WHAT THE TASK ASKS: The records below are to be reproduced exactly, with every picture left out.

EXERCISE DATA:
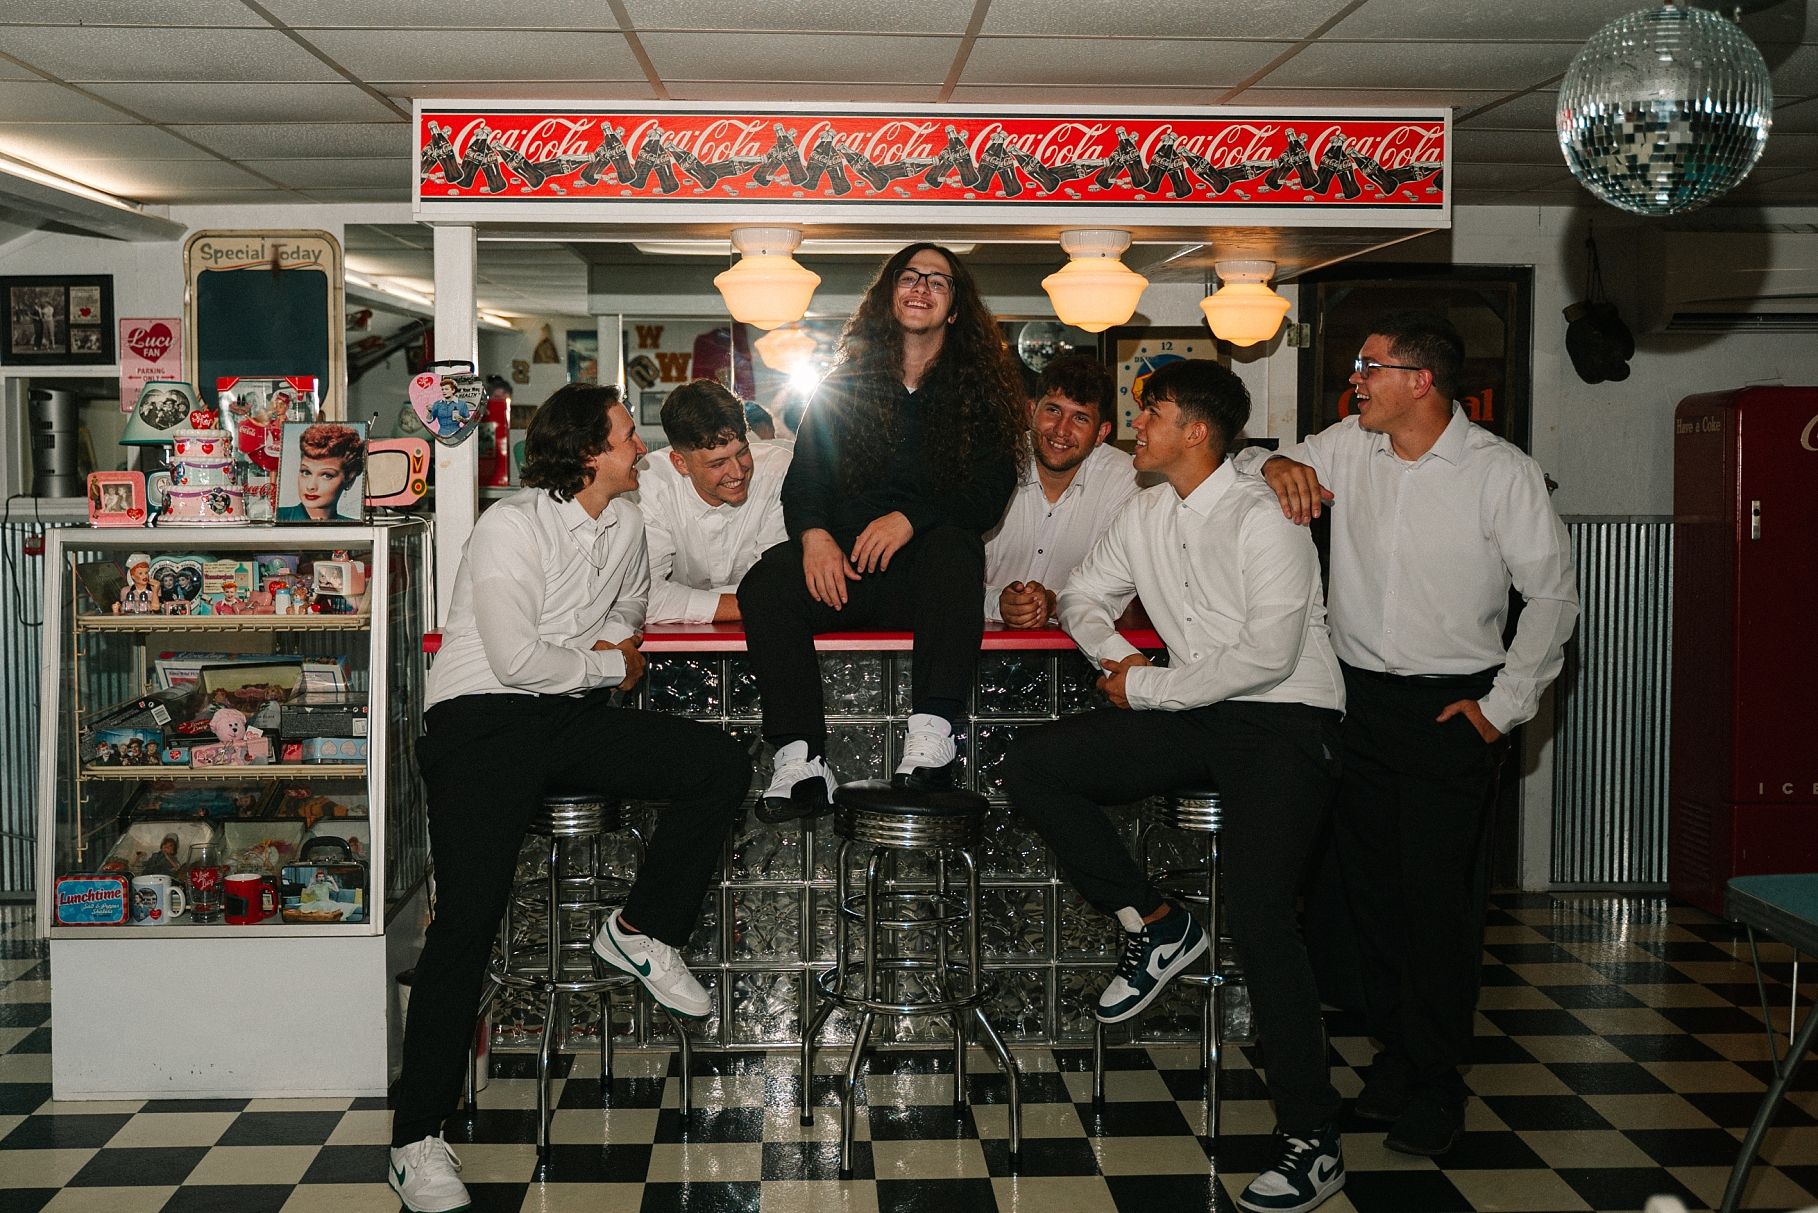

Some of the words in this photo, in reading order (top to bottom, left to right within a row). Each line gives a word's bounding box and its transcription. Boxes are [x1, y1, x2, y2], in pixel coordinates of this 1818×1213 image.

[453, 118, 597, 166] Cca-Cola
[626, 119, 769, 165] Cca-Cola
[799, 120, 941, 166] Cca-Cola
[970, 122, 1112, 169] Cca-Cola
[1140, 124, 1281, 171] Cca-Cola
[1310, 125, 1444, 171] Cca-Cola
[200, 242, 265, 264] Special
[271, 243, 323, 263] Today
[127, 328, 175, 350] Lucy
[1161, 341, 1174, 351] 12
[143, 348, 161, 357] FAN
[1120, 386, 1128, 396] 9
[1676, 418, 1694, 434] Have
[1695, 422, 1701, 432] a
[1702, 415, 1721, 432] Coke
[59, 887, 122, 905] Lunchtime
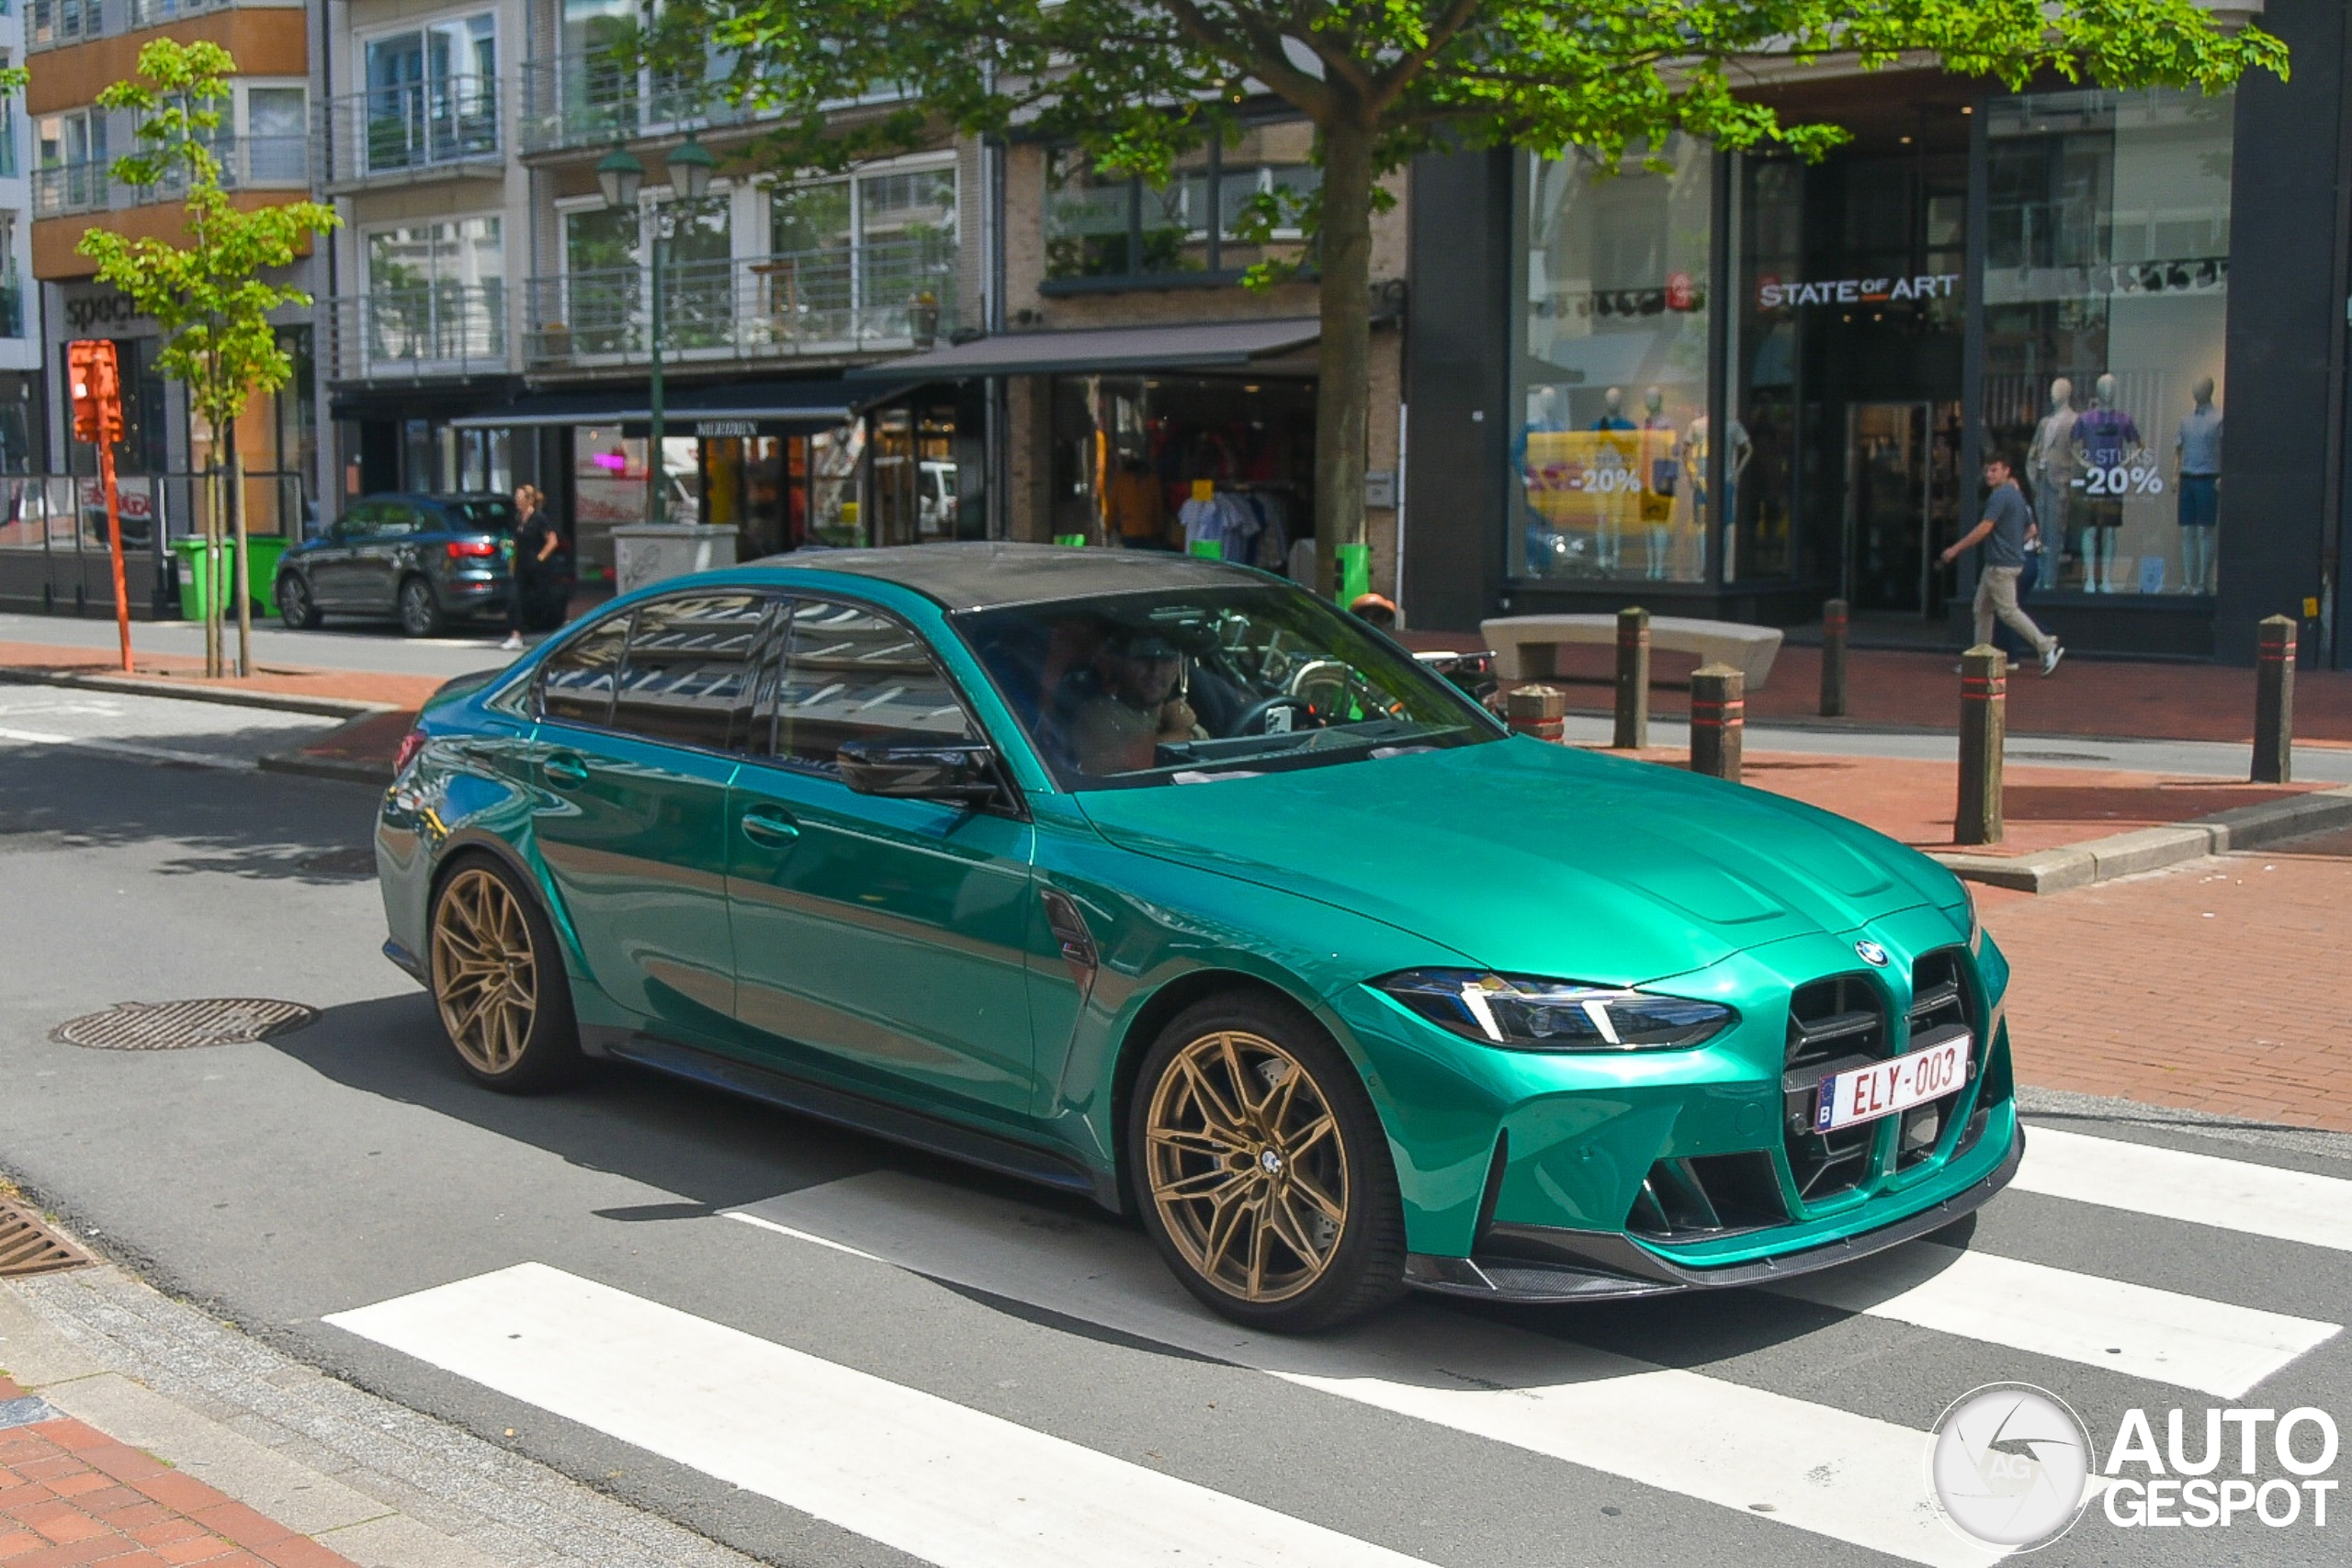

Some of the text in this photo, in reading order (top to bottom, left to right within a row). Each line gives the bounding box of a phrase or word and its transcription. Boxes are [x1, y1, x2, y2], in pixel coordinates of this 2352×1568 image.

[1759, 274, 1960, 308] STATE OF ART
[1568, 468, 1643, 494] -20%
[2069, 466, 2164, 494] -20%
[1852, 1047, 1957, 1115] ELY-003
[1818, 1105, 1831, 1124] B

ANSWER BELOW:
Some of the words in this photo, in reading order (top to bottom, left to right within a row). Each line gives a word's bounding box and its transcription. Boxes are [x1, y1, x2, y2], in pixel coordinates of this 1818×1213 image.

[453, 118, 597, 166] Cca-Cola
[626, 119, 769, 165] Cca-Cola
[799, 120, 941, 166] Cca-Cola
[970, 122, 1112, 169] Cca-Cola
[1140, 124, 1281, 171] Cca-Cola
[1310, 125, 1444, 171] Cca-Cola
[200, 242, 265, 264] Special
[271, 243, 323, 263] Today
[127, 328, 175, 350] Lucy
[1161, 341, 1174, 351] 12
[143, 348, 161, 357] FAN
[1120, 386, 1128, 396] 9
[1676, 418, 1694, 434] Have
[1695, 422, 1701, 432] a
[1702, 415, 1721, 432] Coke
[59, 887, 122, 905] Lunchtime

Some of the text in this photo, in reading order (top to bottom, left to right within a row). Each line gives the bounding box of a phrase or word and its transcription. Boxes are [x1, y1, x2, y2], in pixel coordinates of this 2352×1568 image.

[1759, 274, 1960, 308] STATE OF ART
[1568, 468, 1643, 494] -20%
[2069, 466, 2164, 494] -20%
[1852, 1047, 1957, 1115] ELY-003
[1818, 1105, 1831, 1124] B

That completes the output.